With not a single major storm making landfall and reinsurers recording strong third-quarter profits, TheStreet.com has been adjusting its ratings accordingly. Seven domestic catastrophe reinsurers have been upgraded to a buy rating since Oct. 24. The most recent is Max Re, which was upgraded earlier this week.

Around this time last year, we had downgraded seven companies after insured losses spiked. Aon Ltd. estimates that Hurricanes Katrina, Rita and Wilma caused between $65 billion and $90 billion in insured losses.

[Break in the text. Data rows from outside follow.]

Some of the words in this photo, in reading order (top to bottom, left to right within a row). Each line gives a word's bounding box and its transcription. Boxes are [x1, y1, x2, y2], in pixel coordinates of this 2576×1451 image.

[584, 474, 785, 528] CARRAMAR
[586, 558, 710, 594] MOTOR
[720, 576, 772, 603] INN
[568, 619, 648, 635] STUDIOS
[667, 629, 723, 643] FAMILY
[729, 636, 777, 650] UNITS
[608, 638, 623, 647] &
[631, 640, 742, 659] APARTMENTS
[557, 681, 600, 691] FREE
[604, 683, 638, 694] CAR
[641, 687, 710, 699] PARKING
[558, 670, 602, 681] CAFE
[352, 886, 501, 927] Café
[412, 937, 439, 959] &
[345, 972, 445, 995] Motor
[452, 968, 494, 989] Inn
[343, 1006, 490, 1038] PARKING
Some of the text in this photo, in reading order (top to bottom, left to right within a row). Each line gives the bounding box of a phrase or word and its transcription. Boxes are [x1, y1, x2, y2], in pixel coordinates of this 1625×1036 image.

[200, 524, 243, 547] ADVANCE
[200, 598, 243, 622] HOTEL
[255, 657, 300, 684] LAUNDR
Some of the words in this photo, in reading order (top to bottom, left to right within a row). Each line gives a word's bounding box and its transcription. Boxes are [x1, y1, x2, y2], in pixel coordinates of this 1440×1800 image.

The reinsurance industry responded by reducing capacity and hiking rates. All told, existing reinsurers reduced capacity by 30% to 50%, although new capital flowing into existing reinsurers, plus the addition of nine new players to the global market, made up the difference in all markets except in U.S. complex commercial properties, according to Aon. Rates in this U.S. line increased as much as 150%. Even in the other U.S. lines where capacity remained stable or actually increased, however, rates went up by 30% to 100%.

Bottom line? Reinsurers continue to benefit from all angles -- new capital inflows, increasing rates and lower losses.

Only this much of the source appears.